一项19个研究1741例患者纳入分析,急性胰腺炎胰外感染发生率的研究发现,SAP胰外感染占32%,呼吸系统感染占9.2%,血液系统感染占8.4%,泌尿系统感染占2.6%。而另一项来自中国的临床研究,入组了594例病人,以急性胰腺炎感染分布,培养阳性结果主要集中于引流液、痰液、胆汁及伤口等处标本。

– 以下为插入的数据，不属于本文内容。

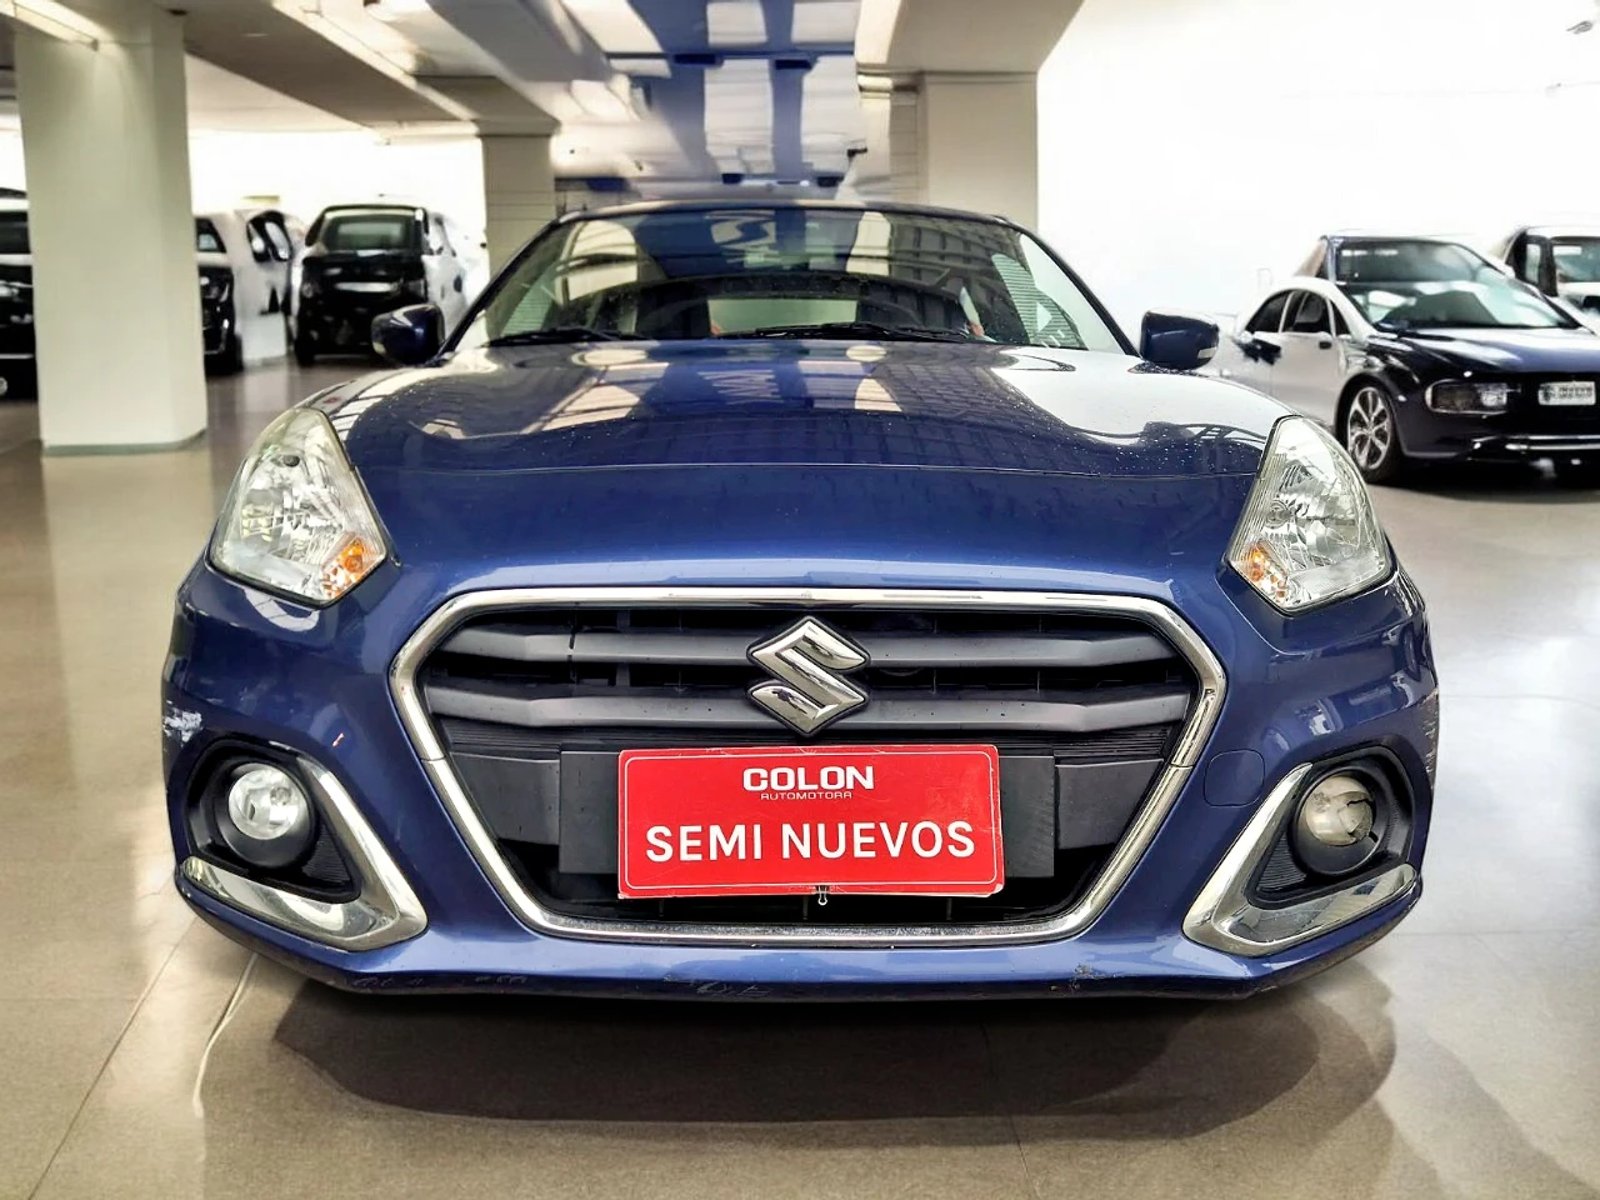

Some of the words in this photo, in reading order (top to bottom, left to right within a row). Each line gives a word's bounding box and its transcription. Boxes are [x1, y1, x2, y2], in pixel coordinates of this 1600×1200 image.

[743, 766, 874, 791] COLON
[760, 791, 852, 800] AUTOMOTORA
[646, 824, 762, 862] SEMI
[782, 820, 975, 859] NUEVOS

因此,诊断AP合并感染首要原则是明确感染部位及感染微生物。


SAP到底需不需要预防性抗感染治疗


这方面有两派观点


推荐早期使用抗生素治疗的观点认为:早期应用可以降低胰腺感染的发生率,手术率及死亡率。


而反对方认为:早期使用抗生素会导致耐药菌增多,继发真菌感染将导致病情恶化。


AP抗生素使用的共识(图3、图4):


2013年中国急诊急性胰腺炎临床实践指南中,提示预防性使用抗生素不能减少胰外感染,对胆源性胰腺炎则建议早期应用。


2015年中国急性胰腺炎多学科诊治共识认为,重型胰腺炎胰周液体积聚是否会引起合并症很难预测,可能和急性期肠道缺氧细菌移位有关,胰周液体范围越大感染越容易出现。对于非胆源性急性胰腺炎不推荐预防性使用抗生素。建议合理使用抗生素,以避免抗生素等级高、使用时间长等导致肠道菌群失调。


图3:AP抗生素使用的国内共识


图4:国际胰腺病学会和美国胰腺病学会的急性胰腺炎治疗循证性指南中,认为一旦胰腺坏死合并感染,应立即使用抗生素治疗型抗生素,可采取降阶梯治疗措施。


陈教授在会议中提到:急性胰腺炎早期(1-2周内)出现感染几率少,而后期(2周后)患者可因免疫抑制反应、胃肠屏障功能下降和肠道菌群移位容易出现感染(图2)。


此外,一则新英格兰医学杂志的报告也认同以上结论。因此其所给出的治疗意见是早期液体复苏及营养管理,而不主张早期抗生素治疗。在两周后才给予抗生素治疗及局部感染病灶坏死组织的清除等治疗措施。


其他几项临床研究也发现,胰腺坏死感染多出现于2周后,早期感染相对较少。


图5:SAP患者感染发生时期


SAP合并感染抗生素该如何选择?


根据SAP在不同环境中感染病原菌的差异,陈教授提出以下4点建议:


1. 明确感染病菌的流行病学


2. 确保所用抗生素能够穿透胰腺组织


3. 确保抗生素能够穿透胰腺周围组织


4. 选择疗效确切的抗生素


SAP降阶梯治疗及疗程该如何把握?


第一阶段给予广谱抗生素治疗以改善预后,第二阶段注意降阶梯选择敏感药物以减少耐药性发生。


早期抗生素选择宜慎重,同时确保胰腺充分引流,可参照PCT指标来指导停药时机(图6)。